**Data provided:**
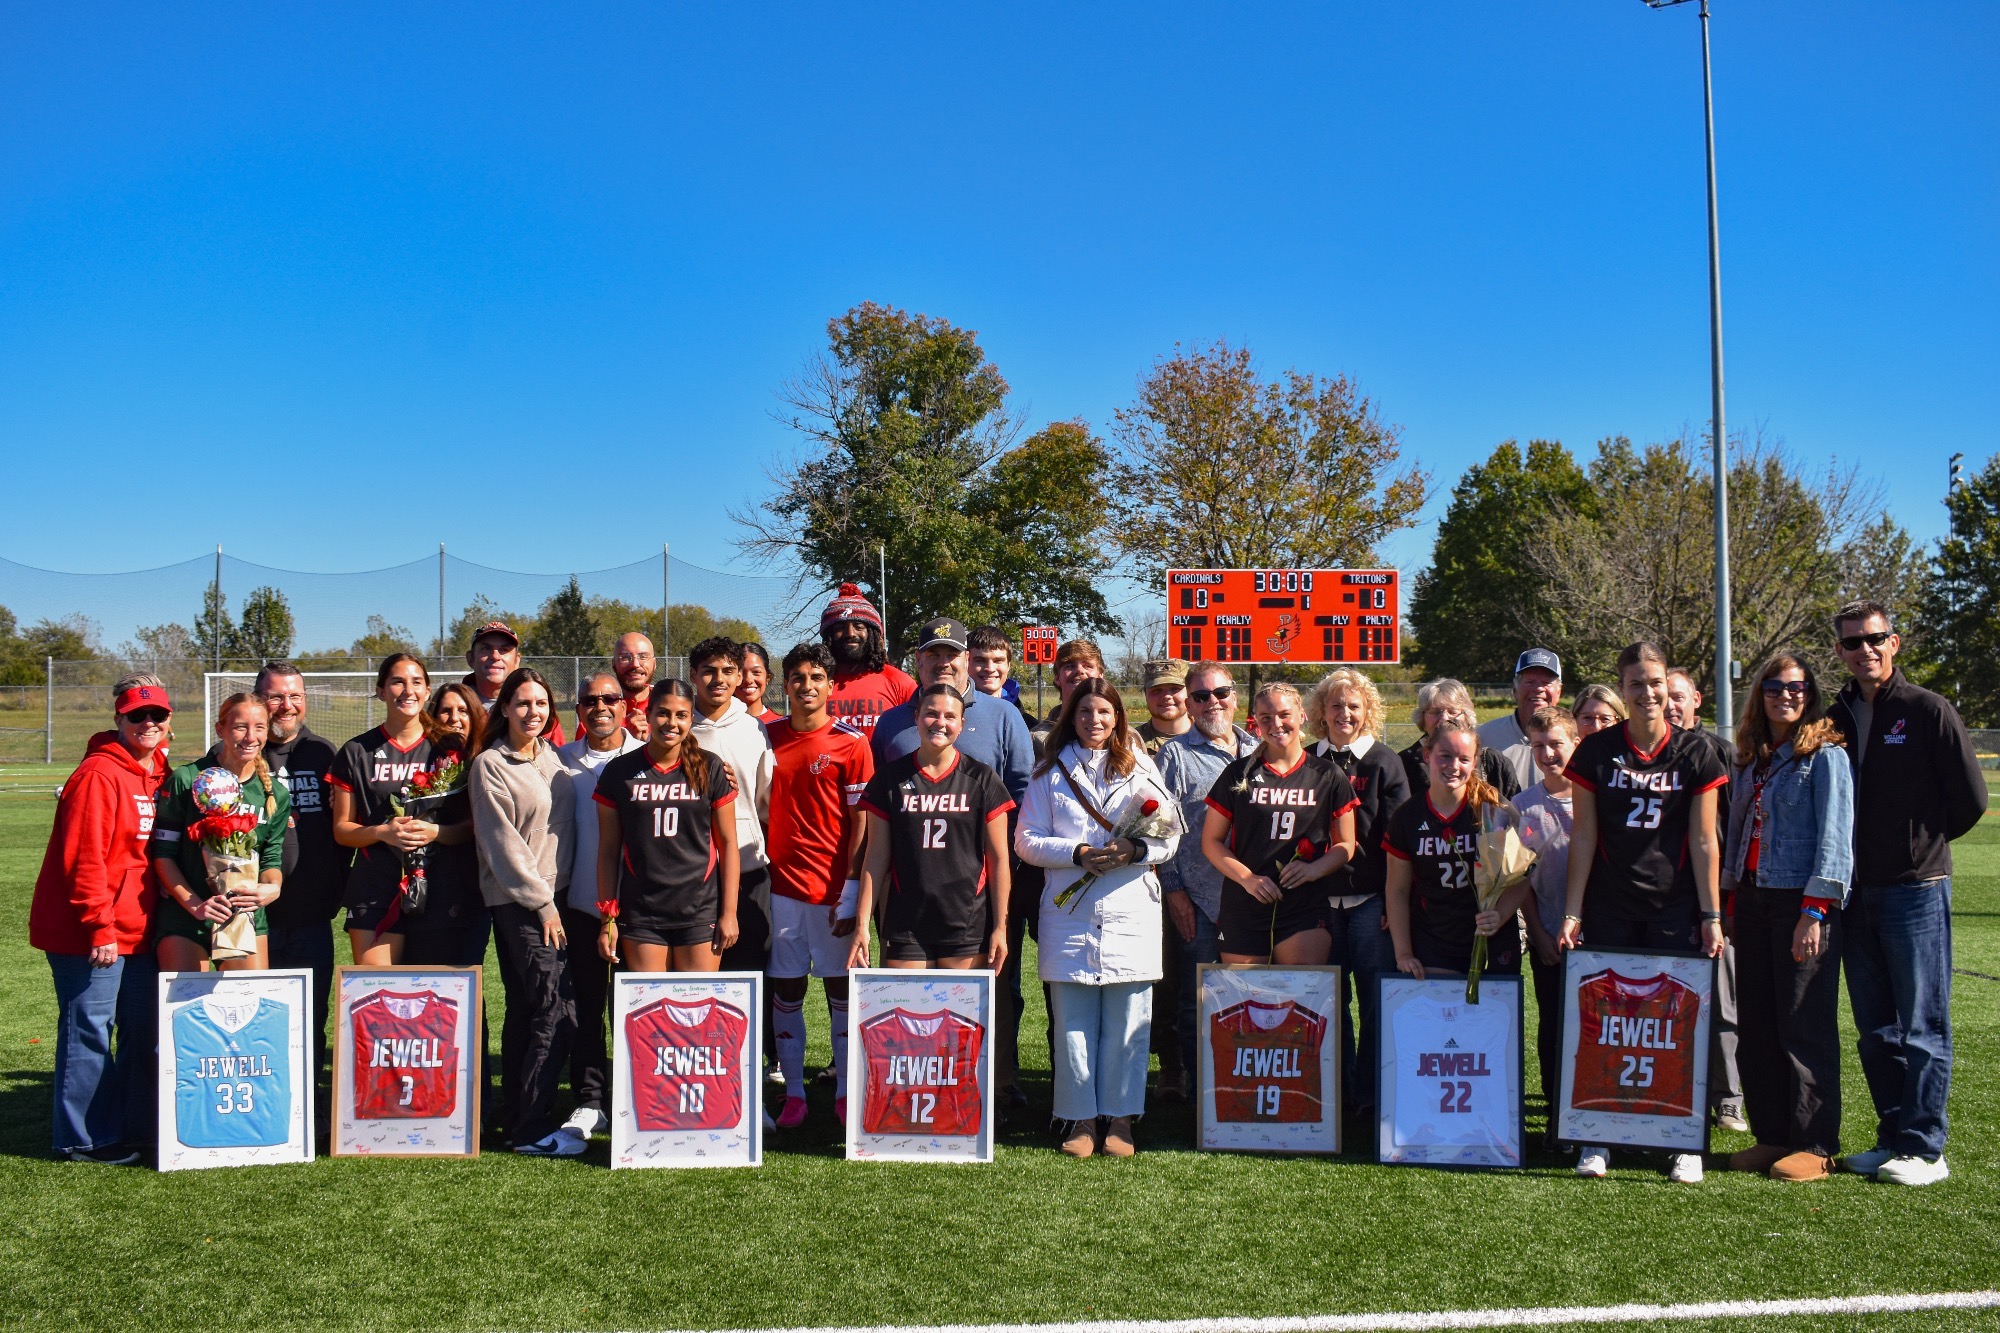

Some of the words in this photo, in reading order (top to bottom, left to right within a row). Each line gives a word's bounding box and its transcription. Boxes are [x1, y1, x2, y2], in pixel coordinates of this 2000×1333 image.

[1175, 574, 1221, 583] CARDINALS
[1256, 572, 1312, 592] 30:00
[1349, 574, 1387, 584] TRITONS
[1196, 588, 1208, 608] 0
[1373, 588, 1385, 608] 0
[1173, 615, 1190, 625] PLY
[1216, 615, 1251, 625] PENALTY
[1332, 615, 1349, 625] PLY
[1365, 615, 1393, 625] PNLTY
[1026, 629, 1055, 639] 30:00
[1028, 641, 1053, 660] 90
[828, 699, 884, 716] EWELL
[1607, 768, 1683, 791] JEWELL
[900, 793, 970, 813] JEWELL
[1249, 787, 1317, 806] JEWELL
[653, 806, 679, 838] 10
[1270, 811, 1296, 840] 19
[1626, 796, 1664, 829] 25
[922, 818, 948, 849] 12
[1438, 861, 1469, 889] 22
[1597, 1014, 1677, 1050] JEWELL
[369, 1038, 443, 1068] JEWELL
[653, 1046, 727, 1076] JEWELL
[1232, 1047, 1302, 1078] JEWELL
[1416, 1053, 1491, 1077] JEWELL
[195, 1054, 273, 1079] JEWELL
[885, 1055, 958, 1086] JEWELL
[1619, 1055, 1655, 1088] 25
[215, 1081, 254, 1114] 33
[398, 1075, 414, 1106] 3
[679, 1083, 705, 1113] 10
[1256, 1084, 1281, 1116] 19
[1440, 1081, 1472, 1113] 22
[911, 1093, 936, 1124] 12

**Activity:** Print out the material word for word, omitting the pictures.

**The completed task:**
Some of the words in this photo, in reading order (top to bottom, left to right within a row). Each line gives a word's bounding box and its transcription. Boxes are [x1, y1, x2, y2], in pixel coordinates of this 2000×1333 image.

[1175, 574, 1221, 583] CARDINALS
[1256, 572, 1312, 592] 30:00
[1349, 574, 1387, 584] TRITONS
[1196, 588, 1208, 608] 0
[1373, 588, 1385, 608] 0
[1173, 615, 1190, 625] PLY
[1216, 615, 1251, 625] PENALTY
[1332, 615, 1349, 625] PLY
[1365, 615, 1393, 625] PNLTY
[1026, 629, 1055, 639] 30:00
[1028, 641, 1053, 660] 90
[828, 699, 884, 716] EWELL
[1607, 768, 1683, 791] JEWELL
[900, 793, 970, 813] JEWELL
[1249, 787, 1317, 806] JEWELL
[653, 806, 679, 838] 10
[1270, 811, 1296, 840] 19
[1626, 796, 1664, 829] 25
[922, 818, 948, 849] 12
[1438, 861, 1469, 889] 22
[1597, 1014, 1677, 1050] JEWELL
[369, 1038, 443, 1068] JEWELL
[653, 1046, 727, 1076] JEWELL
[1232, 1047, 1302, 1078] JEWELL
[1416, 1053, 1491, 1077] JEWELL
[195, 1054, 273, 1079] JEWELL
[885, 1055, 958, 1086] JEWELL
[1619, 1055, 1655, 1088] 25
[215, 1081, 254, 1114] 33
[398, 1075, 414, 1106] 3
[679, 1083, 705, 1113] 10
[1256, 1084, 1281, 1116] 19
[1440, 1081, 1472, 1113] 22
[911, 1093, 936, 1124] 12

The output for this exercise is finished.